Runtime Configuration

Settings that define how the runtime environment should be set up and operated.

Security Options

Configuration settings that control security features and restrictions.

Conversation

A sequence of interactions between a user and an agent, including messages, actions, and their results.

Conversation Info

Metadata about a conversation, including its status, participants, and timeline.

Conversation Manager

A component that handles the creation, storage, and retrieval of conversations.

Conversation Metadata

Additional information about conversations, such as tags, timestamps, and related resources.

Conversation Status

The current state of a conversation, including whether it's active, completed, or failed.

Conversation Store

A storage system for maintaining conversation history and related data.

Events

Event

Every Conversation comprises a series of Events. Each Event is either an Action or an Observation.

Event Stream

A continuous flow of events that represents the ongoing activities and interactions in the system.

Action

A specific operation or command that an agent executes through available tools, such as running a command or editing a file.

Observation

The response or result returned by a tool after an agent's action, providing feedback about the action's outcome.

Interface

Different ways to interact with OpenHands.

CLI Mode

A command-line interface mode for interacting with OpenHands agents without a graphical interface.

GUI Mode

A graphical user interface mode for interacting with OpenHands agents through a web interface.

Headless Mode

A mode of operation where OpenHands runs without a user interface, suitable for automation and scripting.

Agent Memory

The system that decides which parts of the Event Stream (i.e. the conversation history) should be passed into each LLM prompt.

Memory Store

A storage system for maintaining agent memory and context across sessions.

Condenser

A component that processes and summarizes conversation history to maintain context while staying within token limits.

Truncation

A very simple Condenser strategy.
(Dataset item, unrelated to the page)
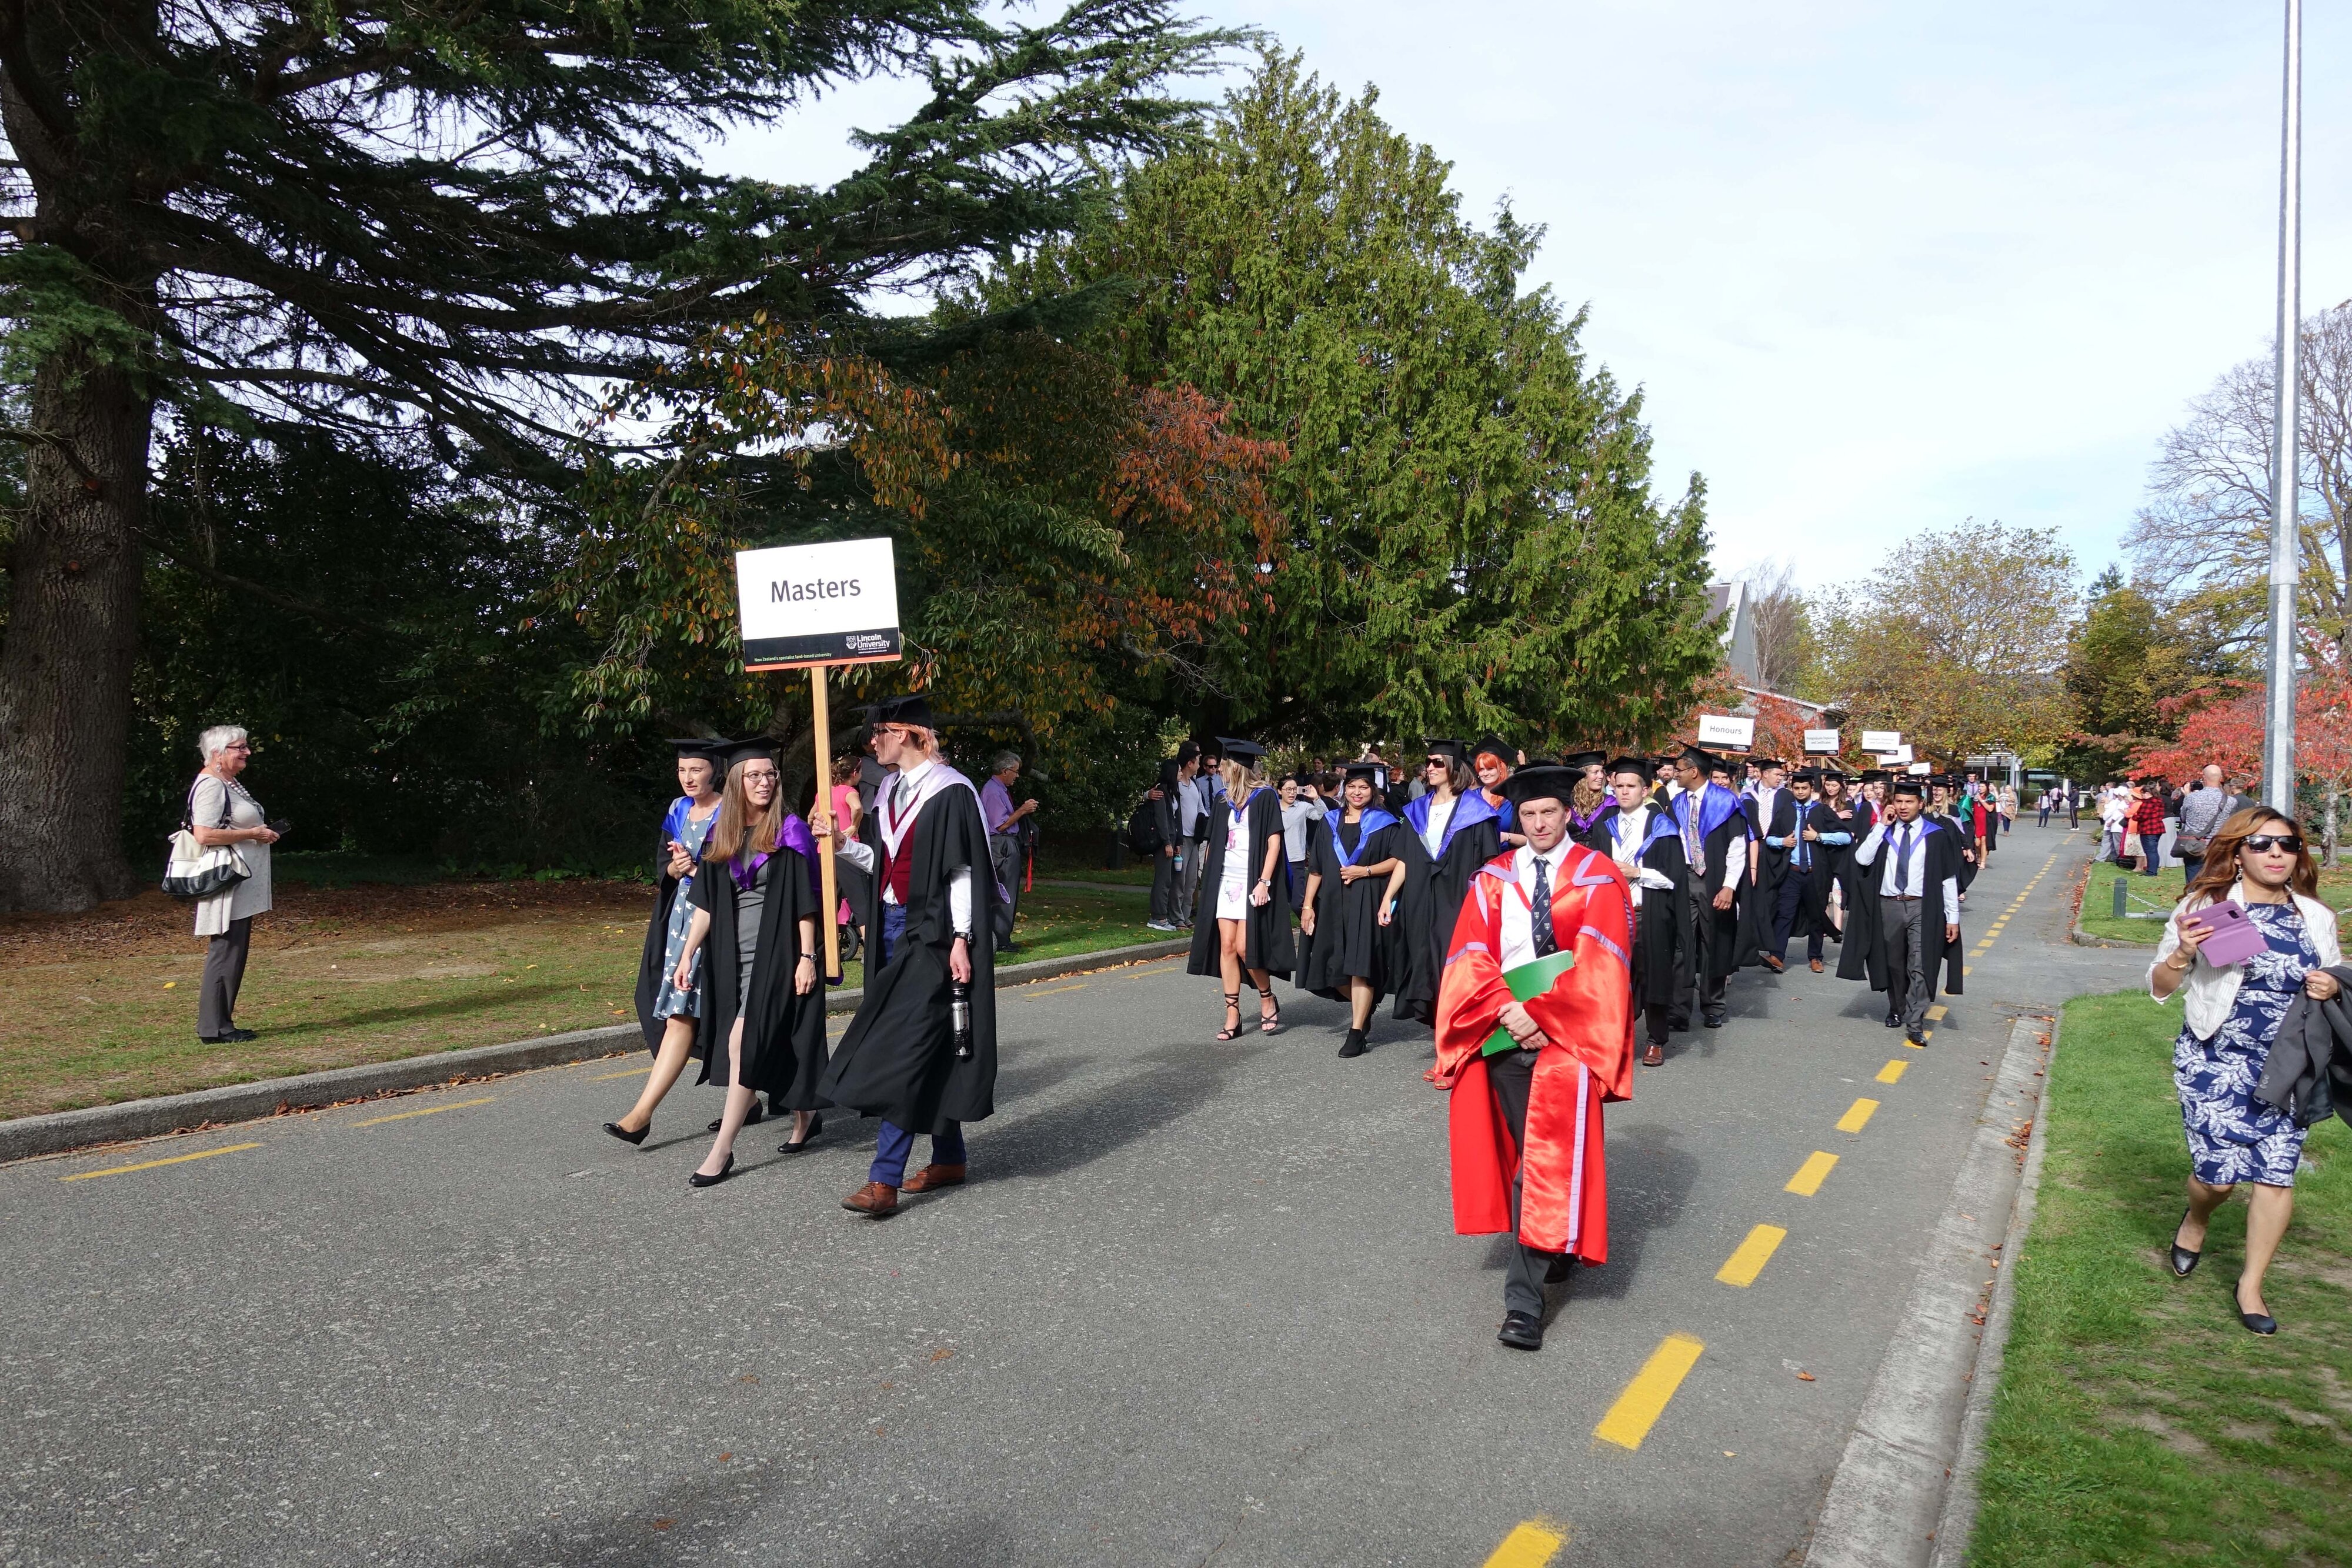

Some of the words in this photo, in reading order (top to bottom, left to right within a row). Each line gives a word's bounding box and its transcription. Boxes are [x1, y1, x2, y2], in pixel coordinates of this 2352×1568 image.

Reduces conversation history or content to stay within token limits.

Microagent

A specialized prompt that enhances OpenHands with domain-specific knowledge, repository-specific context, and task-specific workflows.

Microagent Registry

A central repository of available microagents and their configurations.

Public Microagent

A general-purpose microagent available to all OpenHands users, triggered by specific keywords. Located in microagents/.

Repository Microagent

A type of microagent that provides repository-specific context and guidelines, stored in the .openhands/microagents/ directory.

Prompt

Components for managing and processing prompts.

Prompt Caching

A system for caching and reusing common prompts to improve performance.

Prompt Manager

A component that handles the loading, processing, and management of prompts used by agents, including microagents.

Response Parsing

The process of interpreting and structuring responses from language models and tools.

Runtime

The execution environment where agents perform their tasks, which can be local, remote, or containerized.

Action Execution Server

A REST API that receives agent actions (e.g. bash commands, python code, browsing actions), executes them in the runtime environment, and returns the results.

Action Execution Client

A component that handles the execution of actions in the runtime environment, managing the communication between the agent and the runtime.

Docker Runtime

A containerized runtime environment that provides isolation and reproducibility for agent operations.

E2B Runtime

A specialized runtime environment built on E2B for secure and isolated code execution.

Local Runtime

A runtime environment that executes on the local machine, suitable for development and testing.

Modal Runtime

A runtime environment built on Modal for scalable and distributed agent operations.

Remote Runtime

A sandboxed environment that executes code and commands remotely, providing isolation and security for agent operations.

Runtime Builder

A component that builds a Docker image for the Action Execution Server based on a user-specified base image.

Security

Security-related components and features.

Security Analyzer

A component that checks agent actions for potential security risks.